Количество, или процент, психологов-психотерапевтов, считавших себя эклектиками в 1940-х и 1950-х гг., неизвестно. Фредерик Торн (личная беседа, 2 июня 1967 г.) утверждал, что в 1945 г. ни один из членов Американской психологической ассоциации (АРА) не считал себя эклектиком. (Источник этих сведений неизвестен.) Шеффер (Shaffer, 1953), по результатам исследований клинических психологов, отметил, что 35% из занимающихся психотерапевтической практикой сочли себя эклектиками, когда им было предложено сделать выбор из психоаналитической, недирективной или эклектической ориентации. В 1961 г. Келли сообщил о результатах исследования клинических психологов—членов АРА (в исследовании принимали участие 40% действительных и простых членов ассоциации), из которых 40% сочли себя эклектиками. С тех пор проведено множество исследований в различных группах психологов, причем эклектиками себя называли от 30% до 65%, в среднем около 50%. Хотя название «эклектизм» используется довольно часто, утверждение группы авторов (Lambert and Bergin, 1994; ср. Lambert, Shapiro & Bergin, 1986) о том, что «большинство психотерапевтов эклектичны по своей ориентации» (р. 181), является явным преувеличением.

Эклектизм в психотерапии часто подвергался критике и имел сомнительную репутацию у многих авторов и теоретиков, представляющих частные школы мысли. Роджерс (Rogers, 1951, р. 8) охарактеризовал эту попытку объединения различных школ «как поверхностный эклектизм, который не повышает объективности и который никуда не ведет», он также говорил о «запутанном эклектизме», который «блокирует научный прогресс в области» психотерапии (Rogers, 1956). Снигг и Комбс (Snygg & Combs, 1949) писали, что «эклектическая система ведет к противоречиям и непоследовательности, поскольку техники, заимствованные из разных систем координат, также будут конфликтовать» (р. 82). Таким образом, с точки зрения науки и практики эклектизм считается нежелательным. В науке «он пригоден лишь при последовательной проверке точно выбранной гипотезы для выяснения истинности отдельных элементов» (Rogers, 1956, р. 24). На практике желательна устойчивая система координат.

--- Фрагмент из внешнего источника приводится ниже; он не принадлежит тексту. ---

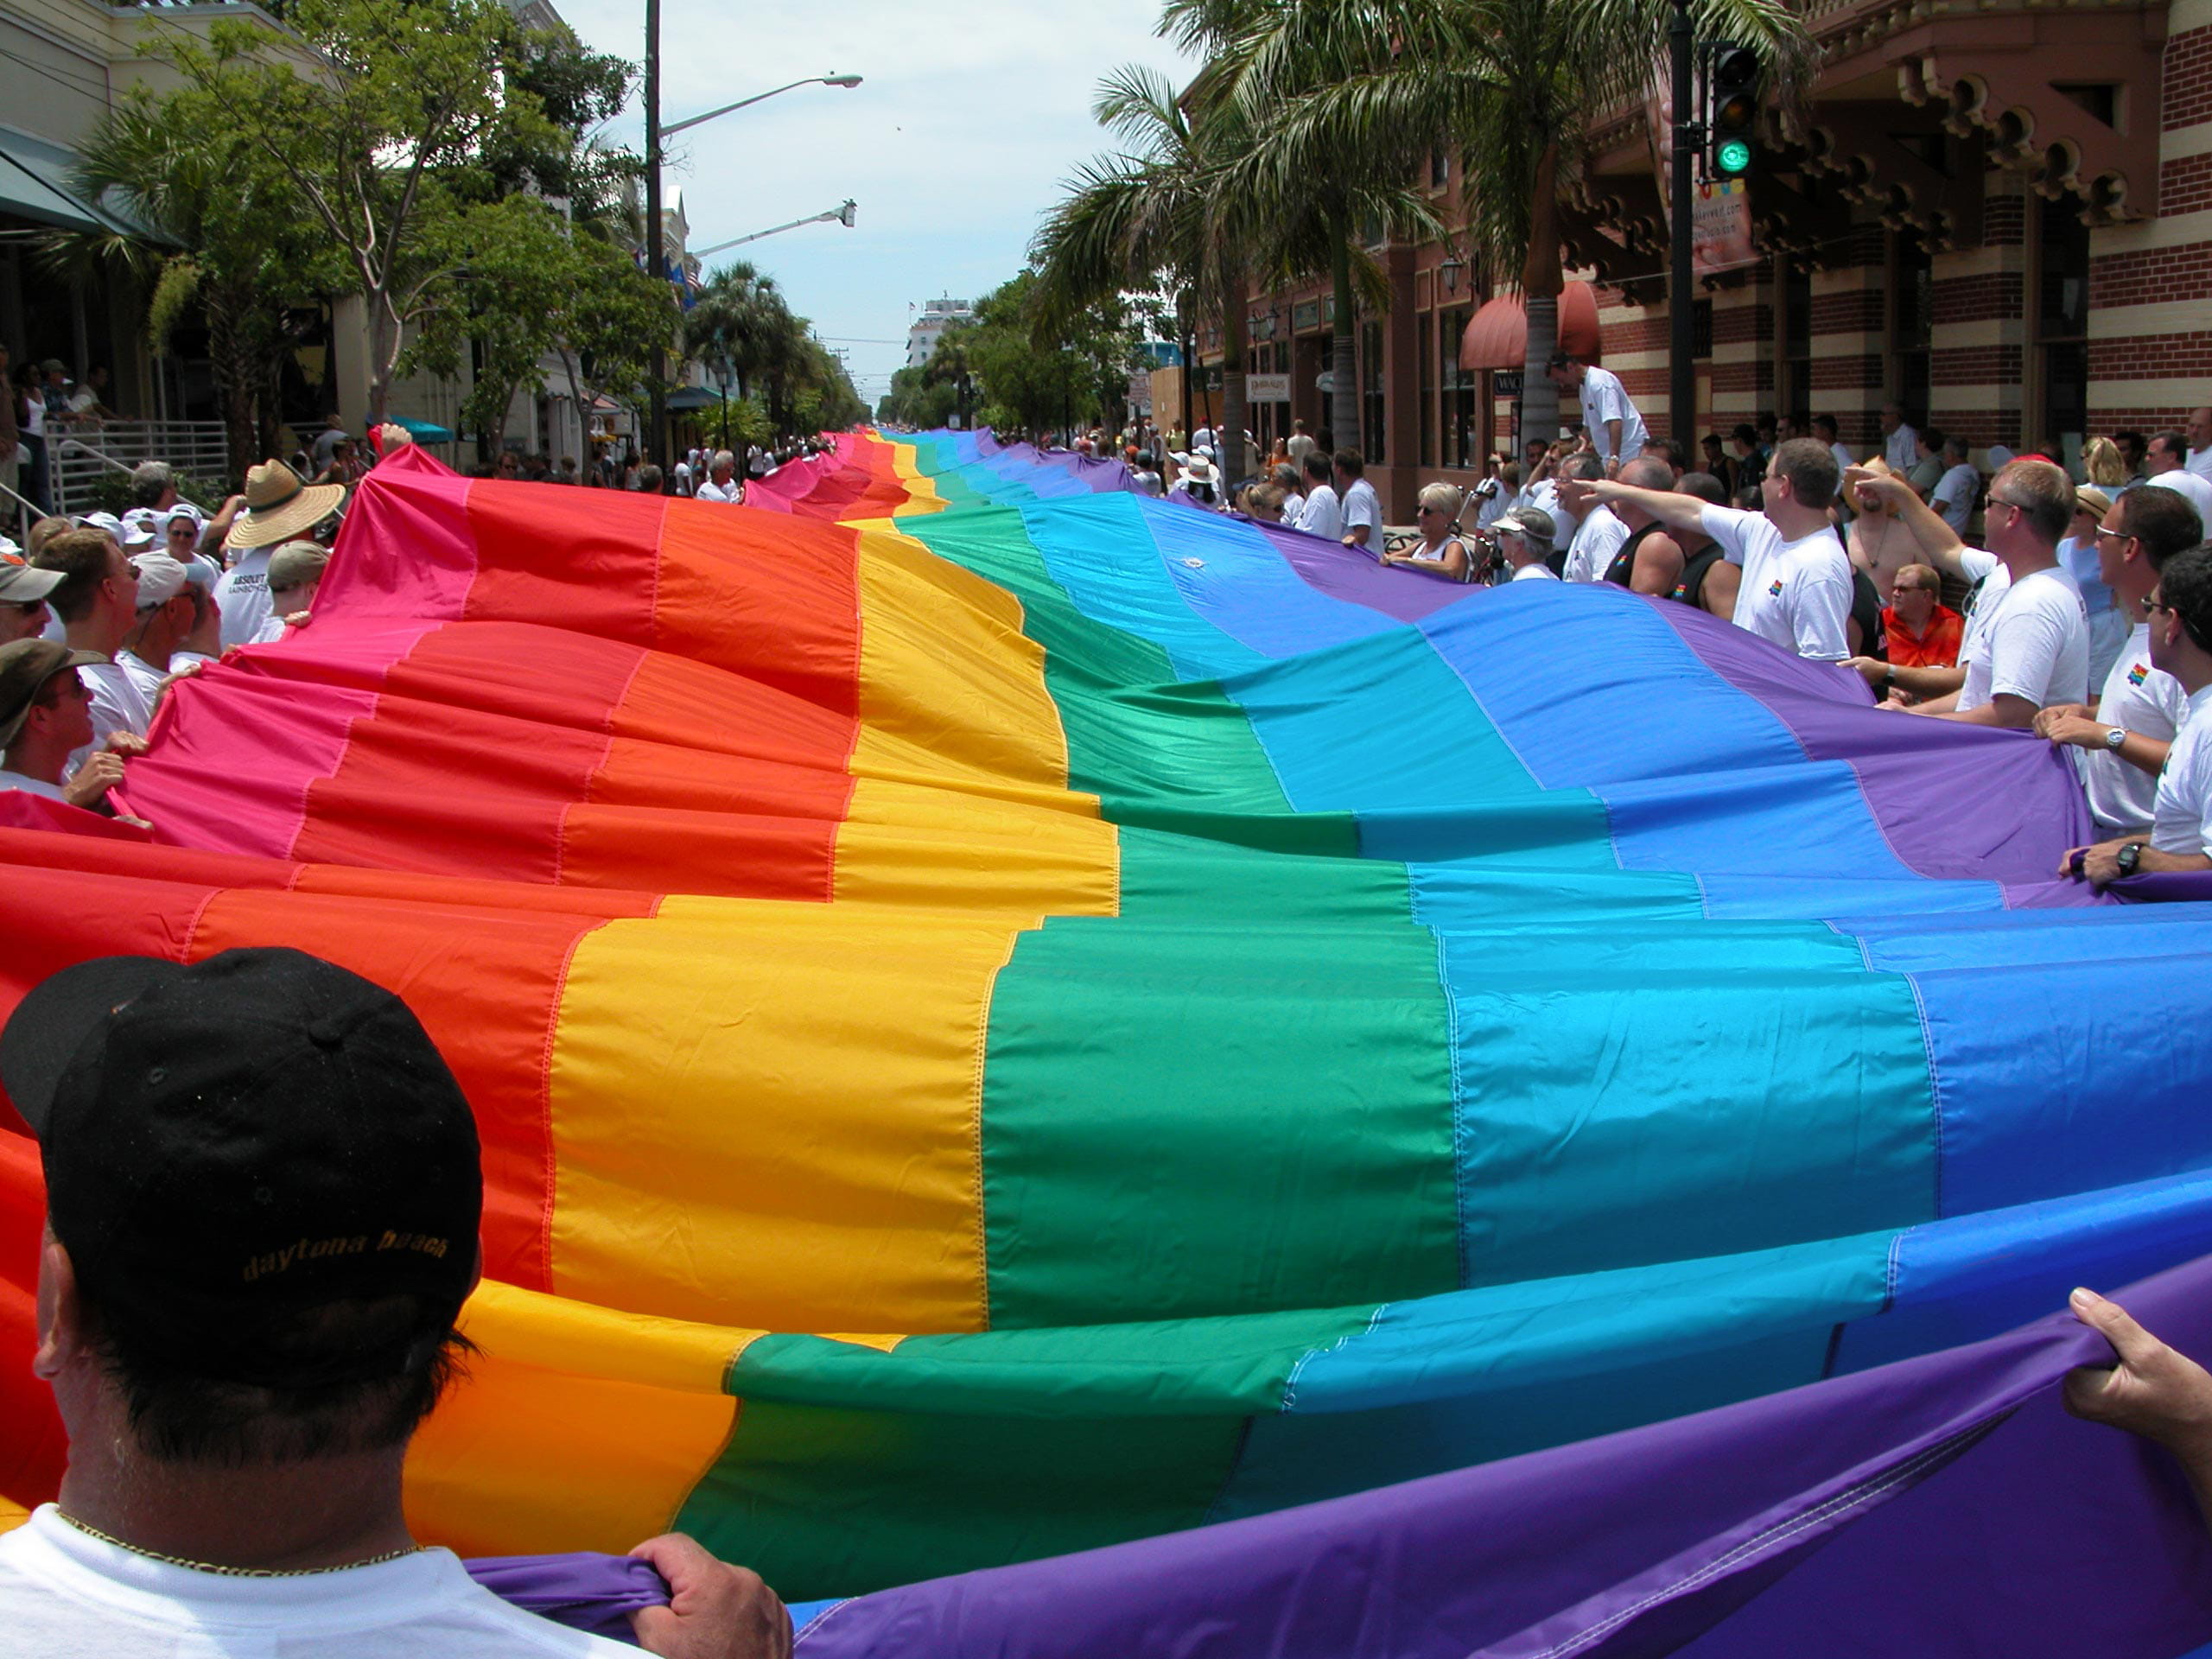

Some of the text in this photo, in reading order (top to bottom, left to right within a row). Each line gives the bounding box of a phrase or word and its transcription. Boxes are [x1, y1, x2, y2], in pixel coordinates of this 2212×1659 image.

[234, 574, 266, 585] ABSOLUT
[243, 1229, 450, 1282] daytona beach
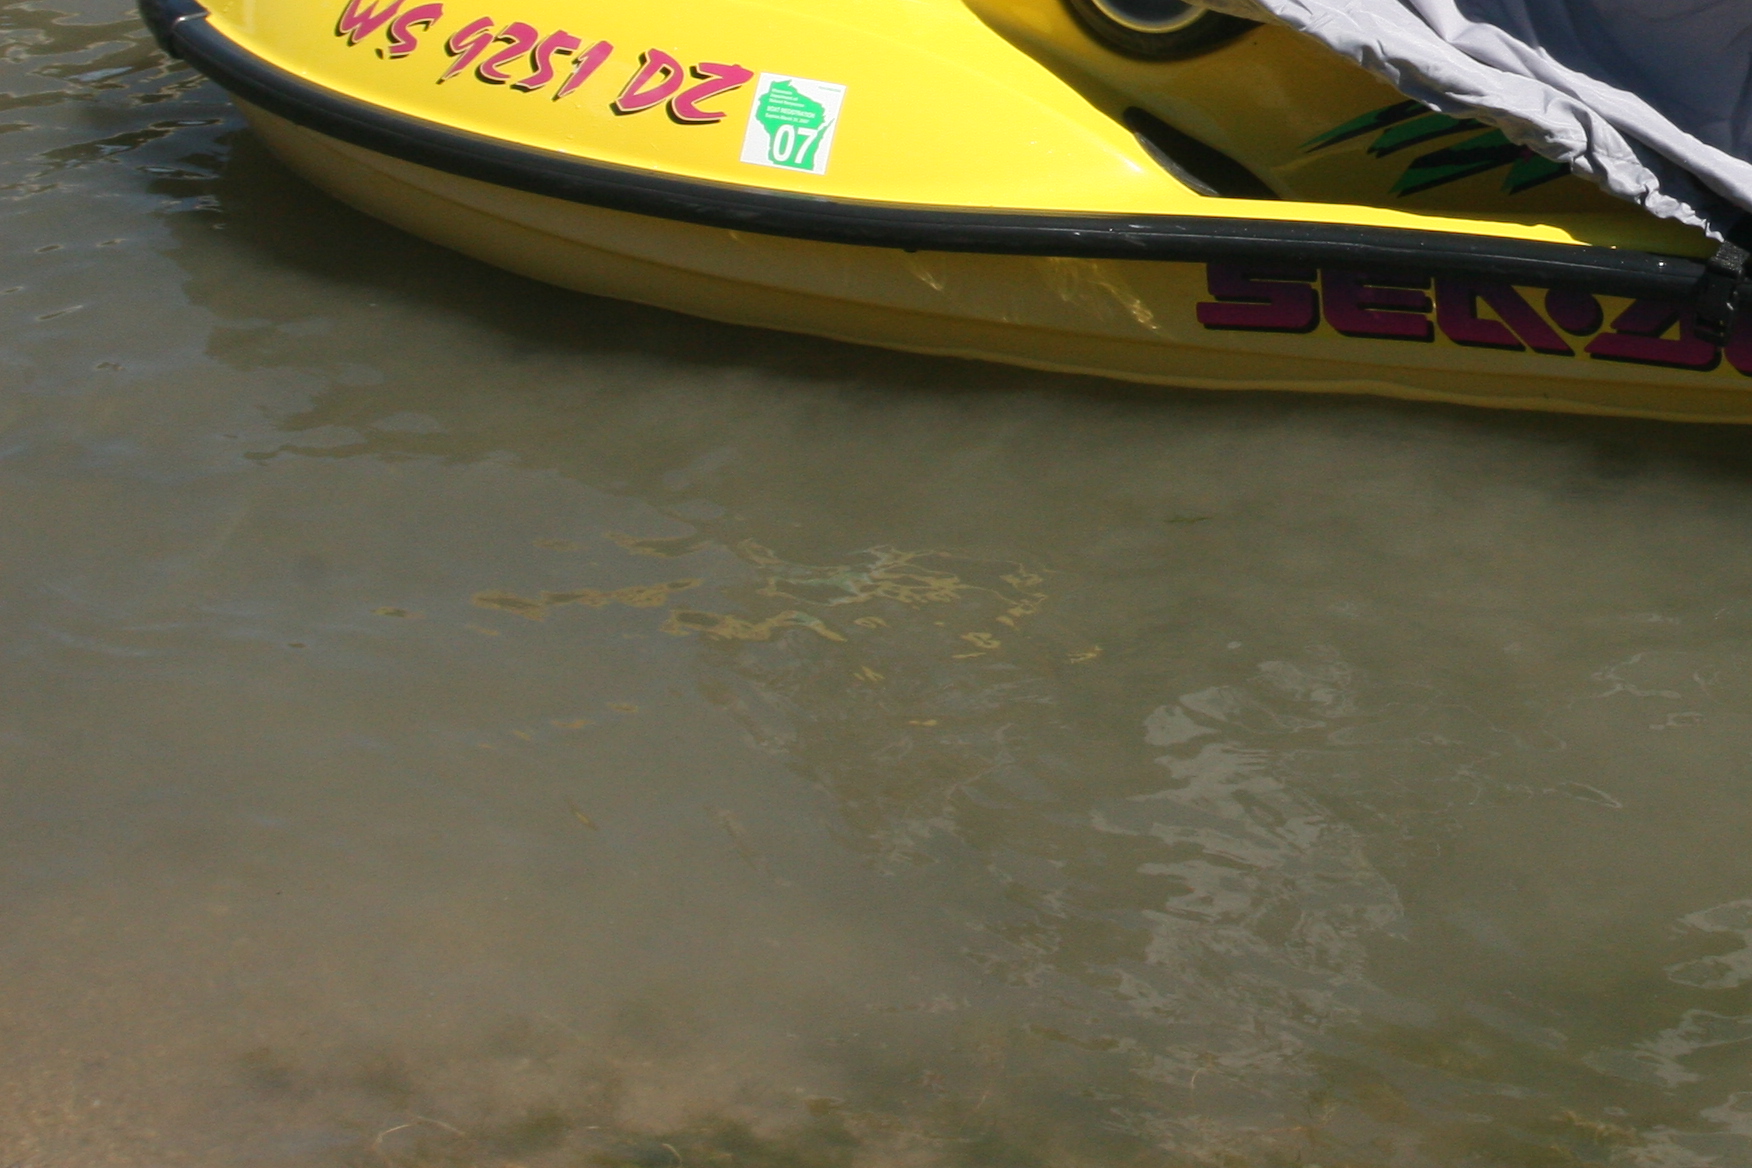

Проблема состоит в определении в точных терминах, что такое эклектизм и из чего он состоит. Гарфилд и Бергин (Garfield & Bergin, 1986) отмечают, что «не существует единого точного определения эклектической ориентации... Чрезвычайно трудно охарактеризовать данный подход как с теоретической, так и процедурной стороны» (р. 8; ср. Garfield & Bergin, 1994, p. 7). Характеристика, данная ранее Гарфилдом (Garfield, 1982), остается в силе: «Эклектизм есть приверженность к бессистемному и достаточно случайному клиническому подходу» (р. 612). Страпп и Байндер (Strupp & Binder, 1984) высказывают сходное утверждение: «Термин эклектический, который многие психотерапевты употребляют для описания собственной ориентации и практики, настолько нечеткий, что нуждается в определении» (p. XII). Арковиц (Arkowitz, 1992) утверждает, что «эклектизм является стратегией выбора того, что представляется наилучшим из различных альтернатив... на основе представлений о данном конкретном клиенте и его проблеме» (р. 284). Группа авторов (Lazarus, Beutler & Norcross, 1992) отмечают, что «данный термин часто ничего в себе не несет, он просто указывает, что концепции двух или более из 400 самостоятельных "школ" психотерапии подверглись смешению (Karasu, 1986), часто весьма в спорной, субъективной, если не сказать причудливой манере (Franks, 1984; Lazarus, 1988)» (p. 11).

Книга под редакцией Норкросса (Norcross, 1986) содержит главы, написанные сторонниками основных эклектических течений (Beutler, 1983, 1986; Garfield, 1980, 1986b; Hart, 1983, 1986; Lazarus, 1981a, 1986; Prochaska and DiClementi, 1984, 1986). Голдфрид и Ньюмен написали исторический обзор (Goldfried & Newman, 1986), а другие авторы (Dryden, 1986; Goldfried & Safran, 1986; Messer, 1986; Murray, 1986) снабдили его своими критическими замечаниями. Сравнительно недавно сходные попытки были предприняты Норкроссом и Голдфридом (Norcross & Goldfried, 1992), а также Стрикером и Голдом (Strieker & Gold, 1993). В действительности эклектических подходов не меньше, чем психотерапевтов-эклектиков. Хотя на словах они придерживаются эмпирически обоснованных техник, на деле каждый психотерапевт использует собственный уникальный багаж, сформированный на основе профессиональной подготовки, клинического опыта и интуиции, практически не руководствуясь общей теорией или набором принципов. Следовательно, не существует единственной эклектической терапии. Голдфрид и Сафран (Goldfried & Safran, 1986) отмечают, что «имеется реальная опасность того... что эклектических моделей станет не меньше, чем школ психотерапии» (р. 464).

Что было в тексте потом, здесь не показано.